A Midtown manager thought the candle was out. Then he missed the trash when he tossed it.
By AARON SHAROCKMAN
Published June 21, 2004
ST. PETERSBURG - Employees and a customer of the Georgia Meat Market in Midtown ran for cover Sunday after a burning incense candle was accidentally tossed into a fireworks display.
Four employees and one customer at the market scrambled as the 4-foot-high display lit up about 9 a.m. Sunday, said St. Petersburg Fire Rescue Lt. Rick Feinberg.
When firefighters entered the building on 12th Avenue S near Wildwood Park minutes later, Feinberg said, the store was engulfed in flames - and fireworks.
"Fireworks were shooting from one end of the building to the other," Feinberg said.
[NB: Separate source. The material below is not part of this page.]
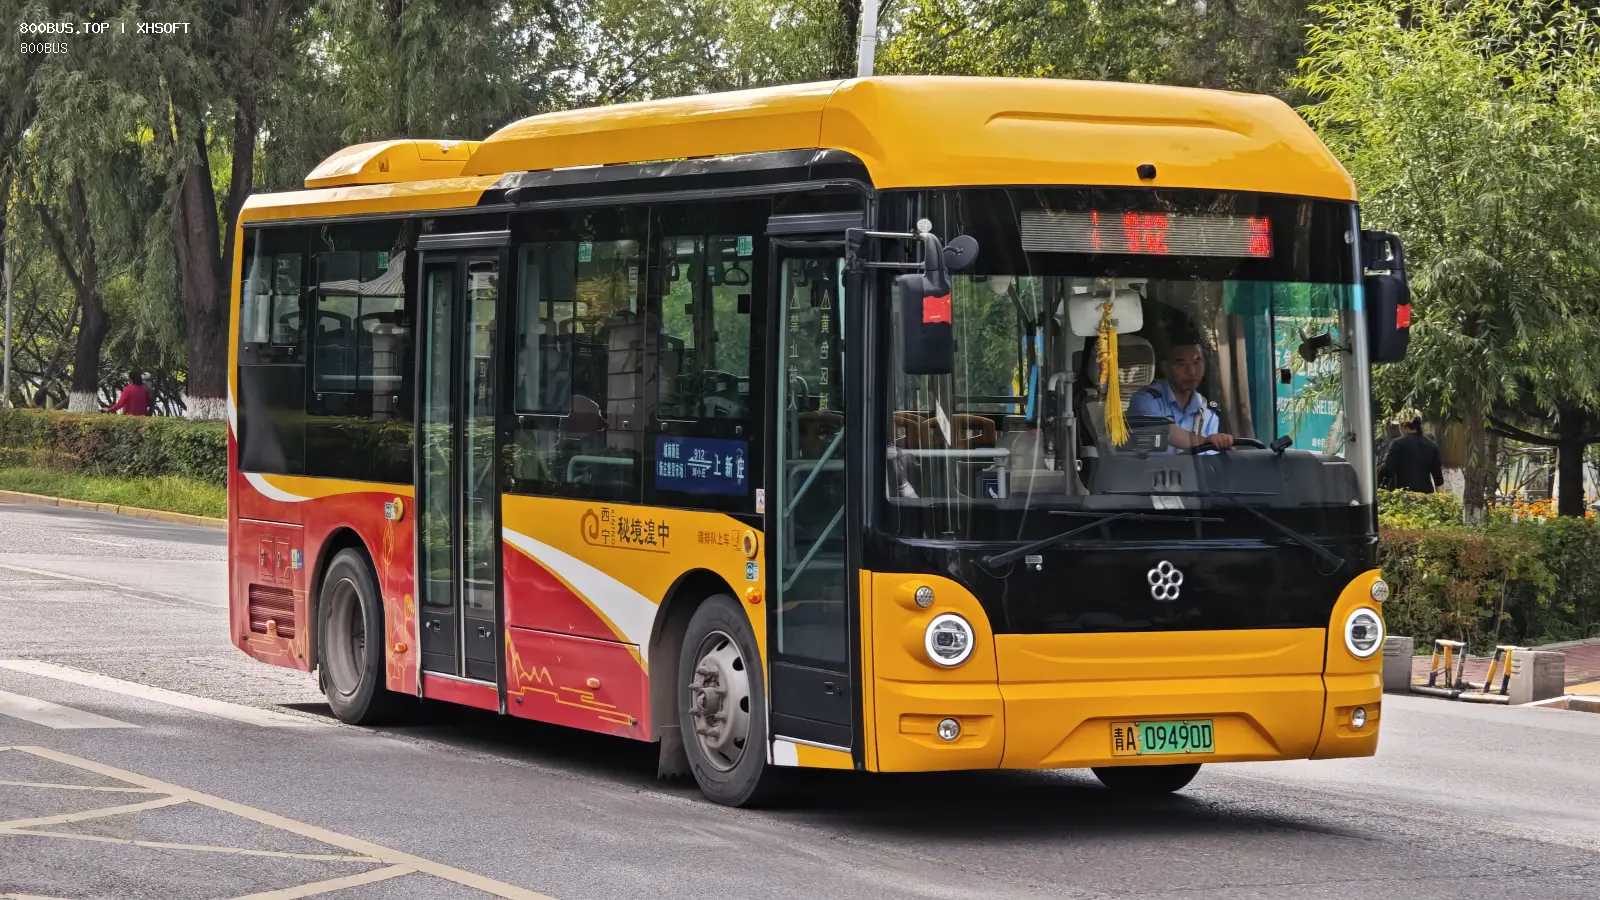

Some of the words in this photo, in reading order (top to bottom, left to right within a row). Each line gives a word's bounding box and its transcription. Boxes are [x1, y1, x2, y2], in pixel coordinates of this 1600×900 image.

[693, 448, 705, 460] 912
[601, 507, 610, 545] 西宁
[617, 516, 670, 548] 秘境湟中
An employee was unable to smother the fireworks with an extinguisher. The store's interior was heavily damaged, Feinberg said, and store owners said they lost close to $45,000 in inventory. A pair of vacant second-floor apartments received smoke damage as a result of the fire.
No one involved was injured.
According to fire investigators, the pyrotechnics erupted when the store manager discarded an incense candle he thought had burned out. But when the manager flipped the candle toward a trash can, he missed, Feinberg said. He hit the Fourth of July fireworks display instead.
After three minutes, the fireworks started igniting, Feinberg said.
Last year, Pinellas County commissioners toughened the county's fireworks law to prohibit fireworks that explode and launch into the air.
Firefighters Sunday found bottle rockets and other flying fireworks at the store. They will hand them over to the St. Petersburg Police Department, Feinberg said.